People v. Monick

277 N.W. 883 | Mich. | 1938

A written complaint was filed before a justice of the peace in Macomb county, alleging that Herman Monick, alias Joseph Caswell "did attempt to break and destroy a safe, to-wit, a depository of money and other valuables in a building of Charles Reindel on Main street in the village of Fraser, contrary to the form of the statute in such case made and provided." *197

The justice issued a warrant containing the identical language of the complaint. Monick was taken into custody, brought before the justice and an oral examination was had, the testimony not being reduced to writing. The justice held that the offense had been committed as charged and there was probable cause to suspect Monick of being guilty and he was held for trial in the circuit court. An information was then filed by the prosecuting attorney charging Monick with an "attempt to break and destroy a safe, to-wit, a depository of money or other valuables in a building of Charles Reindel on Main Street in the village of Fraser. Contrary to the form of the statute in such case made and provided, and against the peace and dignity of the people of the State of Michigan."

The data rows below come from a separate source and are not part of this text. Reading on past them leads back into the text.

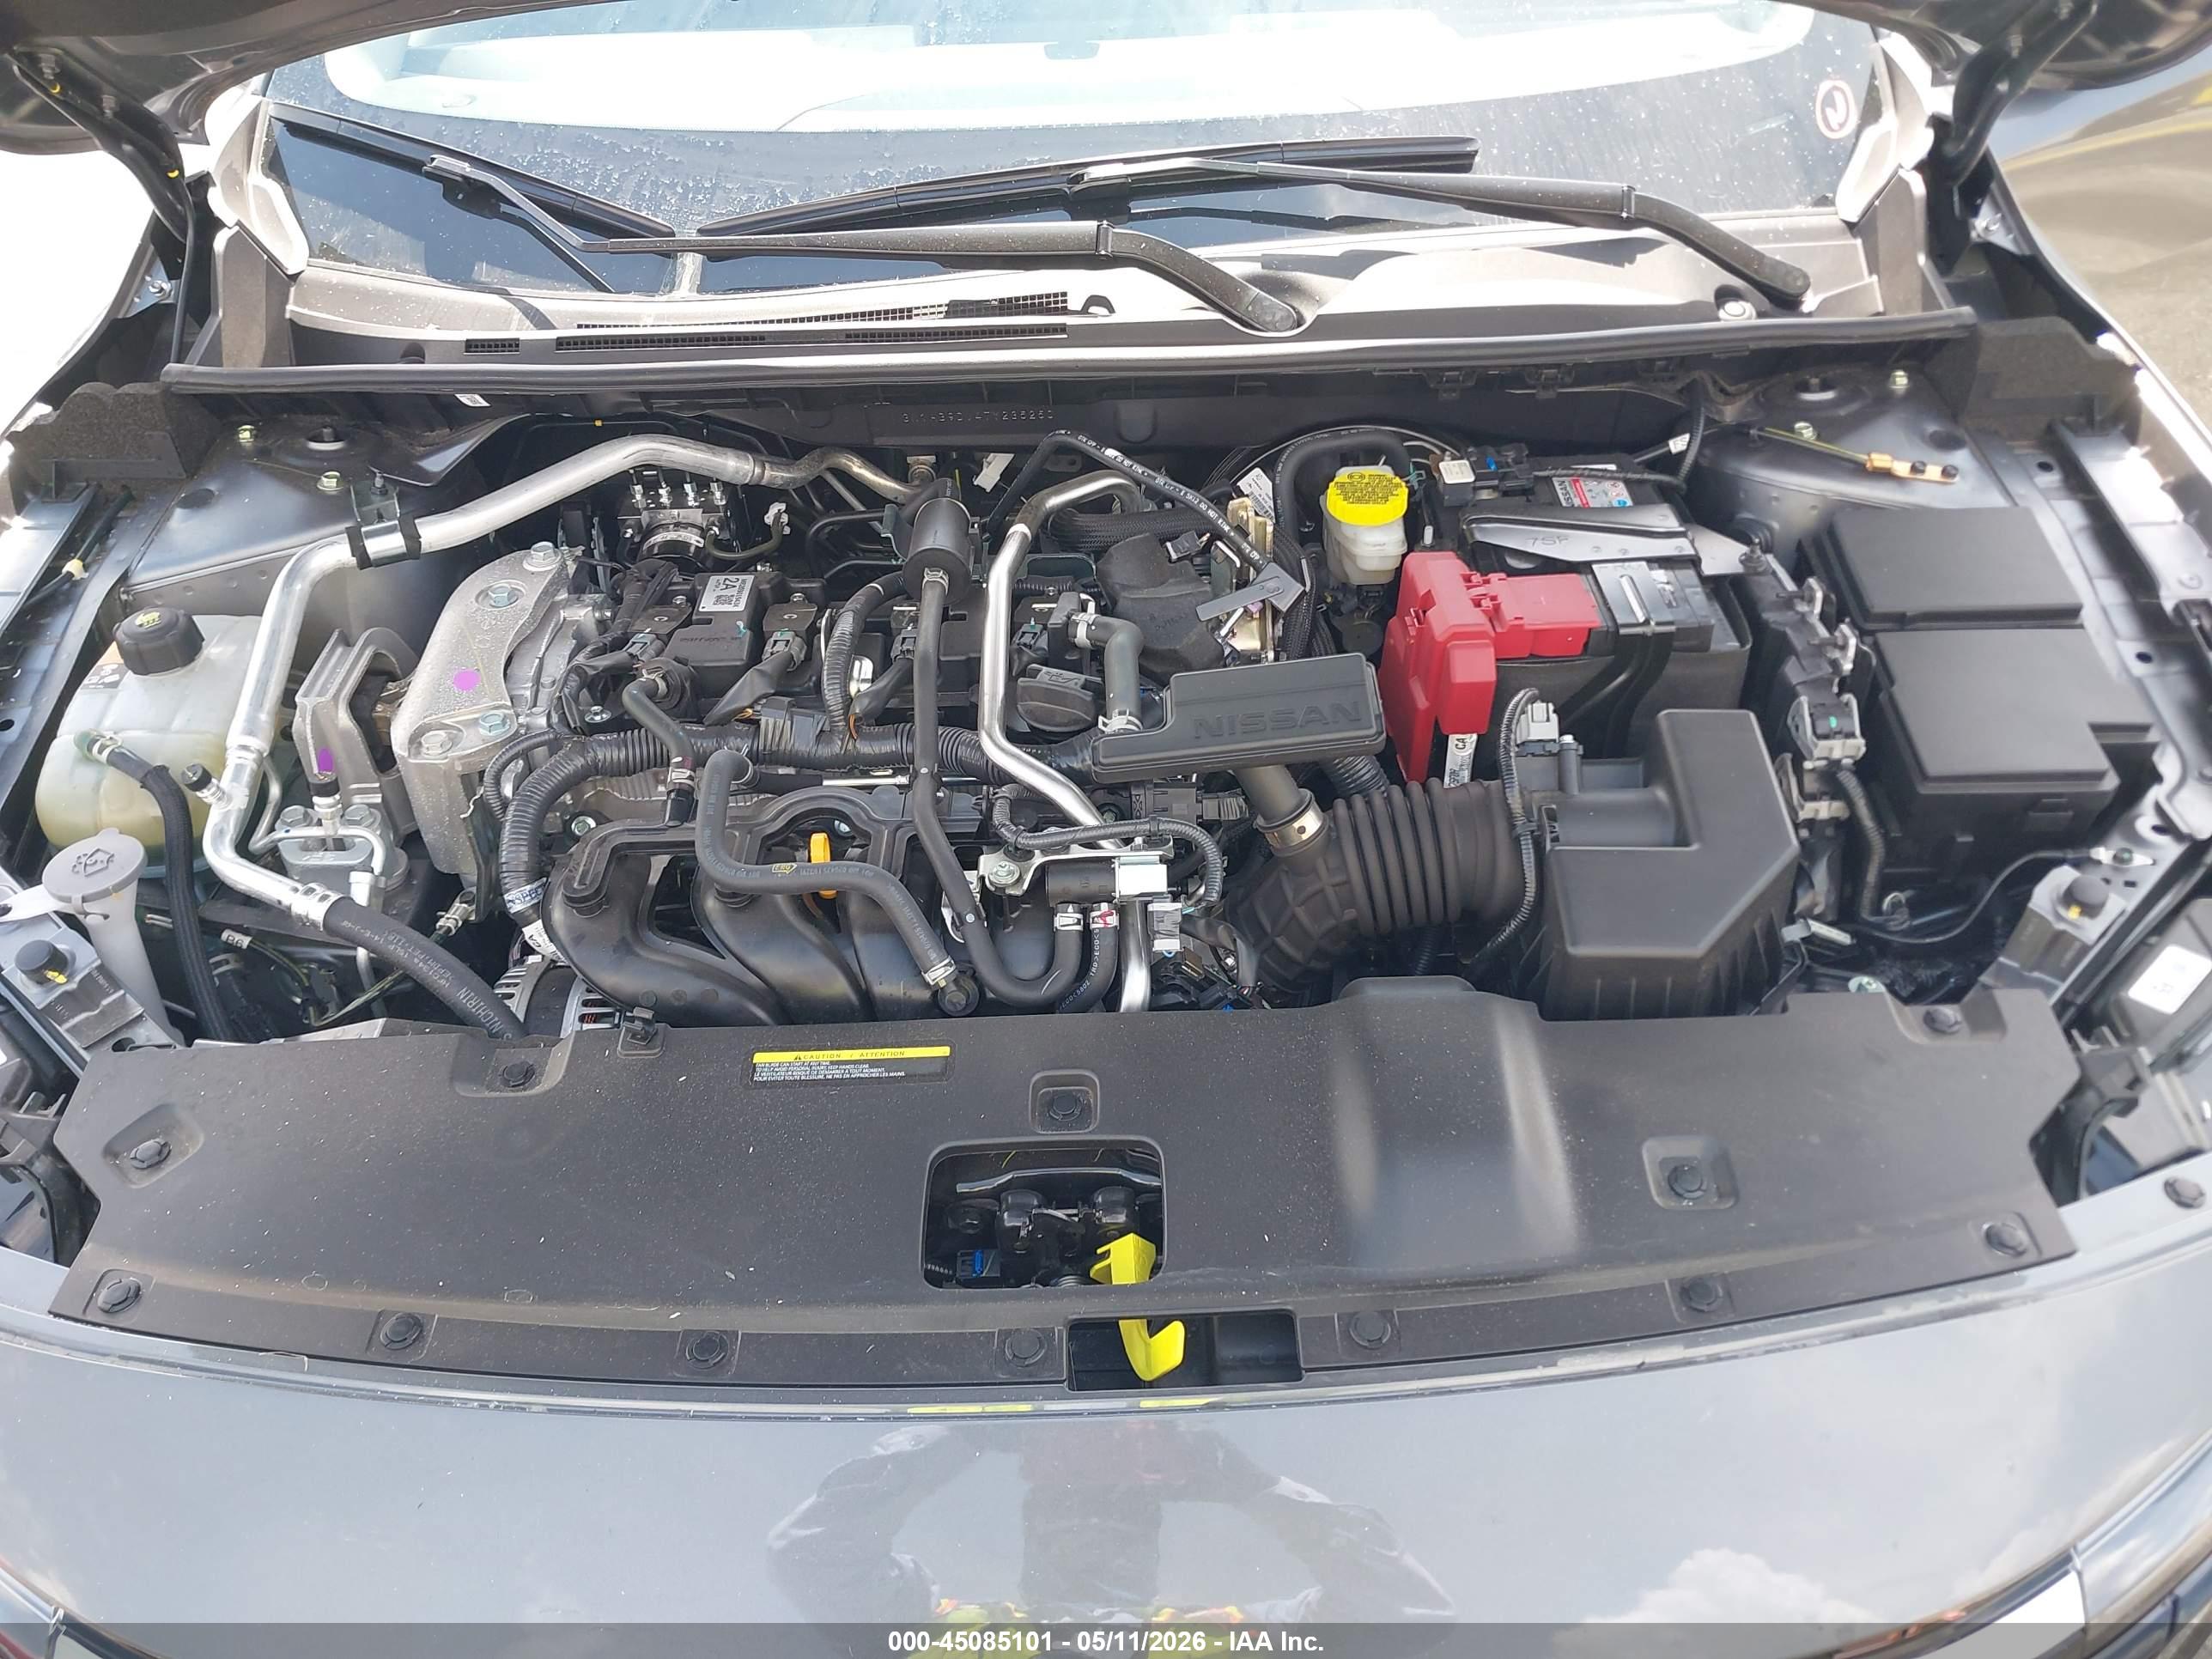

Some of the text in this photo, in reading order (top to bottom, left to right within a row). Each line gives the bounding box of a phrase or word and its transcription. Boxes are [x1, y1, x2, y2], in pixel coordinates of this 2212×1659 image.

[1207, 509, 1218, 520] NOT
[1218, 519, 1231, 533] KINK
[720, 577, 740, 591] 2A
[1193, 701, 1362, 739] NISSAN
[455, 987, 504, 1035] NICHIRIN

At the trial in the circuit court before a jury, when the prosecution had rested, defendant moved the court to quash the information that he be discharged for the reason that it did not contain the language of the statute, namely, the words "intent to commit the crime of larceny," etc.

Section 531 of the Michigan penal code, same being Act No. 328, Pub. Acts 1931 (Comp. Laws Supp. 1935, § 17115-531), reads as follows:

"Any person who, with intent to commit the crime of larceny, or any felony, shall confine, maim, injure or wound, or attempt, or threaten to confine, kill, maim, injure or wound, or shall put in fear of any person for the purpose of stealing from any building, bank, safe or other depository of money, bonds or other valuables, or shall by intimidation, fear or threats compel, or attempt to compel any person to disclose or surrender the means of opening any building, bank, safe, vault or other depository of money, bonds, or other valuables, or shall attempt to break, burn, blow up or otherwise injure or destroy *198 any safe, vault or other depository of money, bonds or other valuables in any building or place, shall, whether he succeeds or fails in the perpetration of such larceny or felony, be guilty of a felony, punishable by imprisonment in the State prison for life or any term of years."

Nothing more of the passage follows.